Reviewed By John Porter

The Age of Shadows
The Age of Shadows
Occupied Korea of the 1920s was the setting for last Sunday's Film Club screening at the Alhambra, 'The Age of Shadows' weaving labyrinthine double crosses through director Jee-woon Kim's stylised mash of espionage and historical action.

Kim Jan-Ok is a leading resistance fighter, and was once a friend of Lee Jung-Chool, now a Japanese sympathiser and the current police chief. The movie opens on the pursuit of Jan-Ok, who eventually chooses to shoot himself instead of handing over secrets of the independence struggle to his old friend. From here the narrative opens out slowly, introducing characters in small flourishes, bringing not only a mystery as they take their places on the chessboard, but also considerable exoticism as the set design surrounds them with a lusciously romanticised view of the early 20th century Far East. Joining Lee Jung-Chool in the intrigue are the Japanese head of the consulate, and his serpentine aide Hashimoto, Kim Woo-jin, whose antique shop and photography studio doubles as a resistance focal point, and Yeon Gye-soon, a well dressed lady of the struggle who brings in a Hungarian explosives expert, so setting the stage for a plan to smuggle dynamite from China.
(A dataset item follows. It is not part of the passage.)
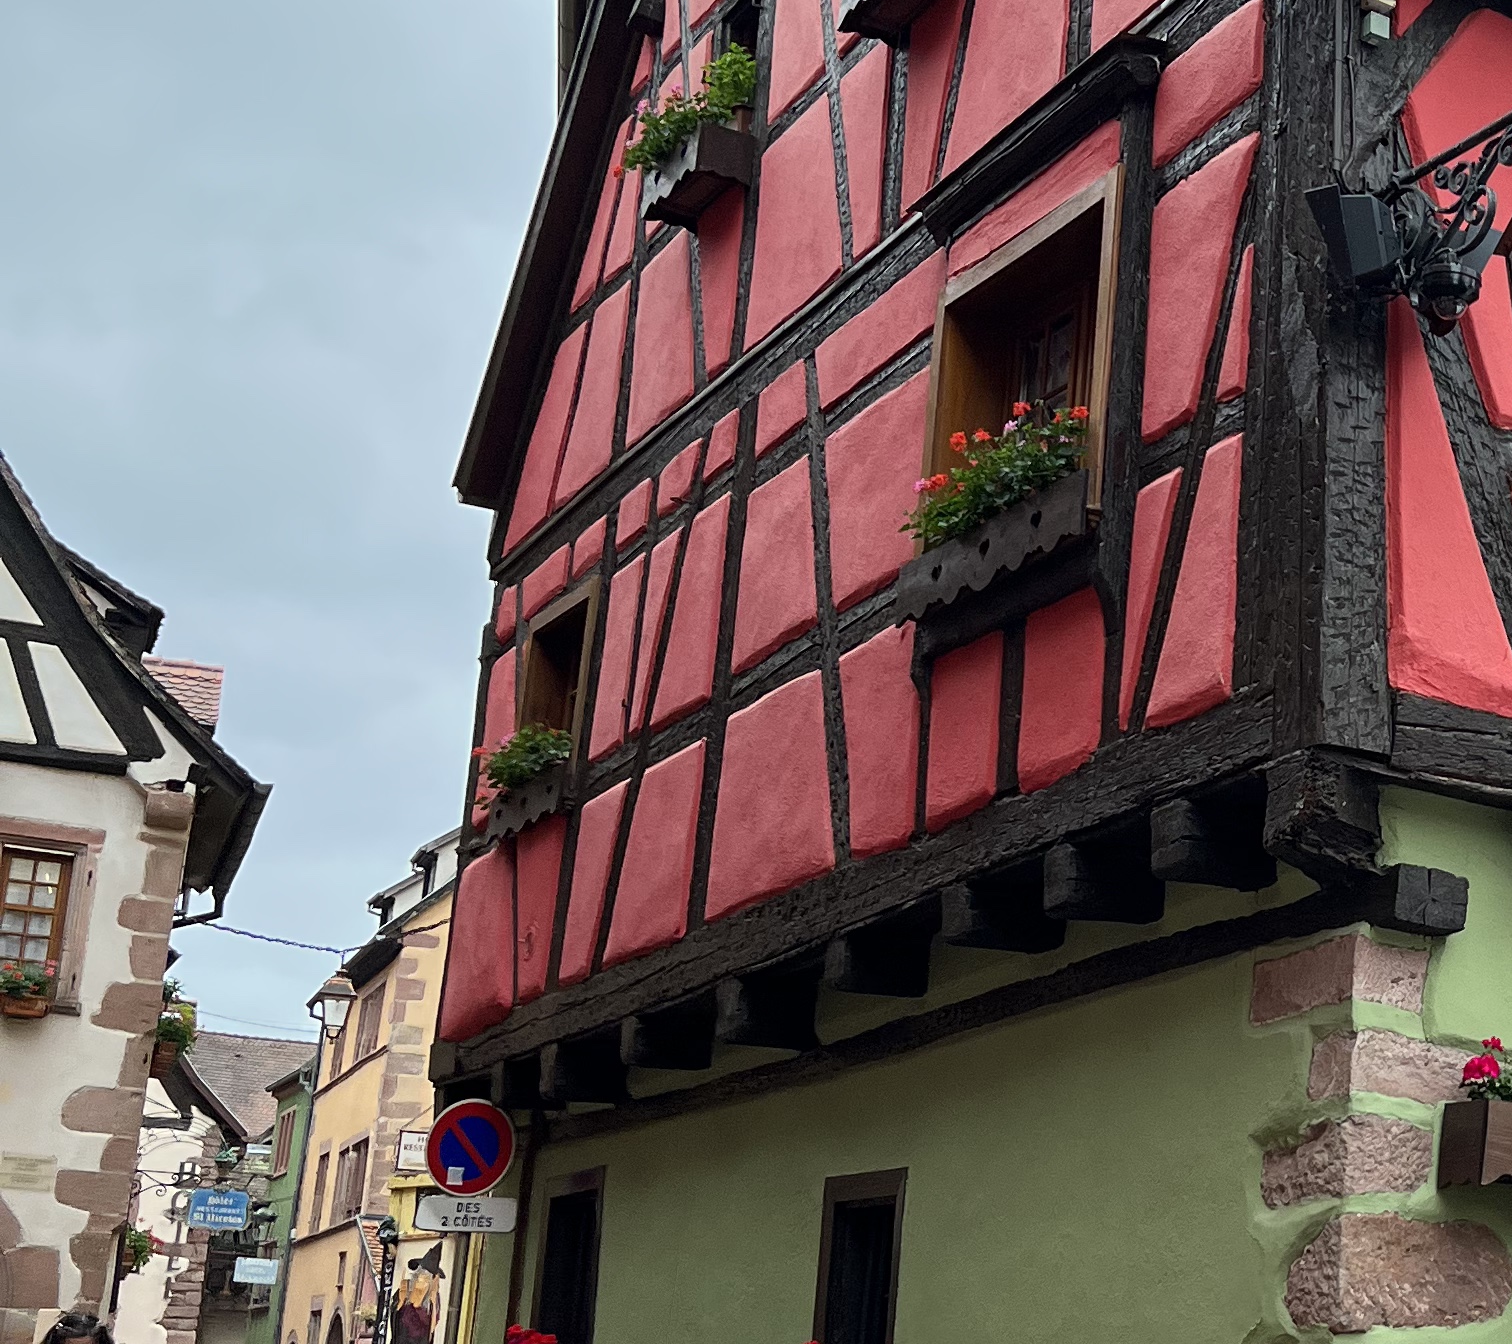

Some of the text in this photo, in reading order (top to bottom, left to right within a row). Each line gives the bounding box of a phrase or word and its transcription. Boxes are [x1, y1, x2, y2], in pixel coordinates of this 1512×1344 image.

[456, 1202, 481, 1213] DES
[441, 1215, 494, 1228] 2 CÔTÉS
Seeing Lee Jung-Chool as a potential help for the rebels' cause as a source of information from the Japanese, Kim Woo-jin attempts to recruit him, asking small acts of loyalty which become ever larger and more dangerous.

'The Age of Shadows' has no designs on making grand statements or wrapping it's protagonists in philosophy, and is all the stronger for it, leaving Jee-woon Kim's style with free-reign over increasingly exciting spy escapades. The streets of the cities are crisscrossed and tiered with staircases giving a nod to Hollywood Noir and expressionism, then lit by red paper lanterns at night. During the initial set piece's cinematography, cameras swooping high and low around duskily lit tiled roofs as Jan-Ok runs from a battalion of Lee Jung-Chool's soldiers, the director's adored spaghetti westerns show their influence in the swift zooms and jarring pans (his previous movie 'The Good, the Bad, and the Weird' from 2008 being a virtual love letter to these 1960s Euro-action films).

These techniques never overpower the movie however, the twists and turns of the plot keeping the atmosphere of intrigue high and pushing forward the narrative into ever spiraling deceptions. Given time to sink in, the movie feels like an authentic and finely crafted genre film which never sells itself out to spectacle or disbelief.

As Jung-Chool becomes embroiled deeper into the world of the resistance, which figures know what, and how this can be used against the opposition become ever more integral pieces of the puzzle, reaching a climax with a wonderfully paced sequence on a cross-border train travelling from Shanghai to Seoul. Cat becomes mouse, and as loyalties shift and bullets fly, the movie rises to an exciting and surprising climax. Describing 'The Age of Shadows' as an action picture is short-changing it; Wearing his heart on his sleeve, Jee-woon Kim's influences shine through and simultaneously manage to celebrate cinema's past and create a contemporary Korean gem of adventure and espionage.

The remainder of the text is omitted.